◆ Your instructions
Reproduce the listing word for word. Skip any image.
[Opening Supplied data section]
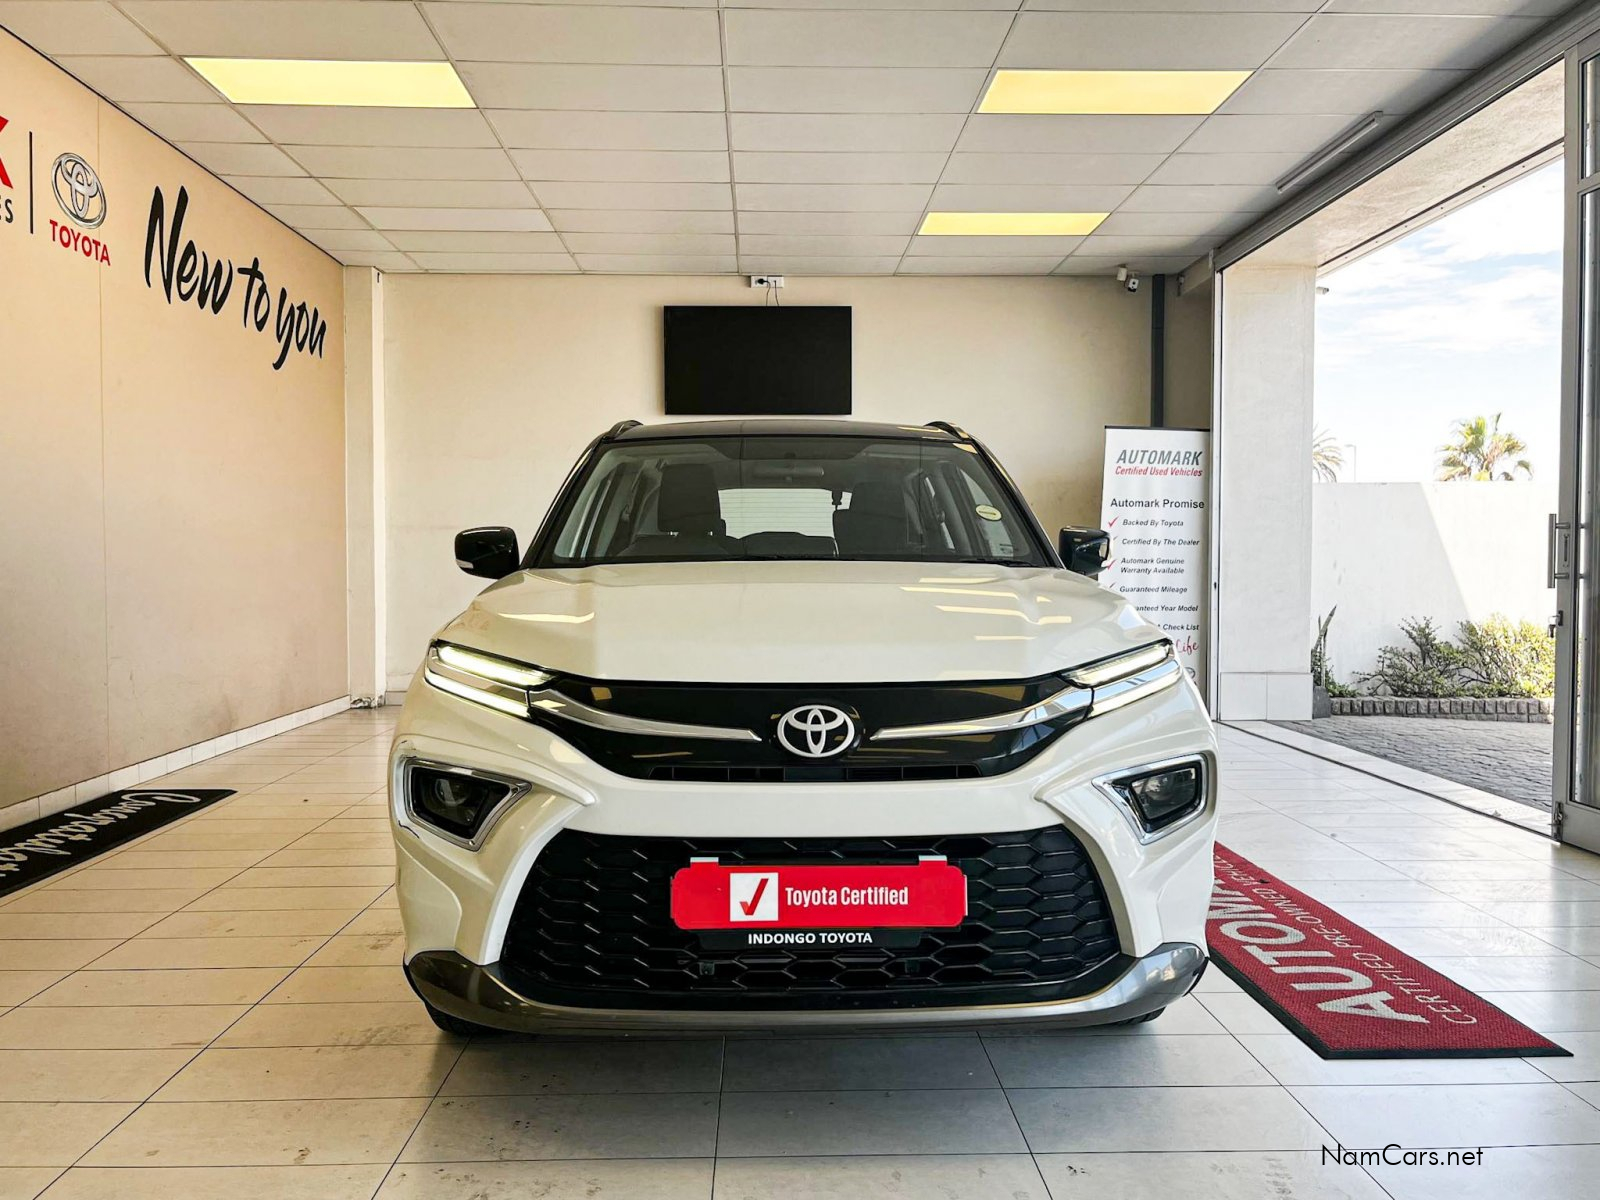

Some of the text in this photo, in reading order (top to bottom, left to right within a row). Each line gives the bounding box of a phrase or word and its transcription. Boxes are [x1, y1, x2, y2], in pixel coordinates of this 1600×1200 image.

[49, 219, 111, 266] TOYOTA
[144, 185, 327, 370] New to you
[1116, 449, 1203, 466] AUTOMARK
[1115, 466, 1203, 477] Certified Used Vehicles
[1110, 498, 1205, 509] Automark Promise
[1150, 520, 1159, 528] By
[1161, 586, 1188, 594] Mileage
[785, 887, 909, 907] Toyota Certified
[1252, 887, 1363, 949] PRE-OWNED
[748, 932, 873, 945] INDONGO TOYOTA
[1352, 951, 1478, 1025] CERTIFIED
[Closing Supplied data section]
◆ Problem solution
Some of the text in this photo, in reading order (top to bottom, left to right within a row). Each line gives the bounding box of a phrase or word and its transcription. Boxes are [x1, y1, x2, y2], in pixel coordinates of this 1600×1200 image.

[49, 219, 111, 266] TOYOTA
[144, 185, 327, 370] New to you
[1116, 449, 1203, 466] AUTOMARK
[1115, 466, 1203, 477] Certified Used Vehicles
[1110, 498, 1205, 509] Automark Promise
[1150, 520, 1159, 528] By
[1161, 586, 1188, 594] Mileage
[785, 887, 909, 907] Toyota Certified
[1252, 887, 1363, 949] PRE-OWNED
[748, 932, 873, 945] INDONGO TOYOTA
[1352, 951, 1478, 1025] CERTIFIED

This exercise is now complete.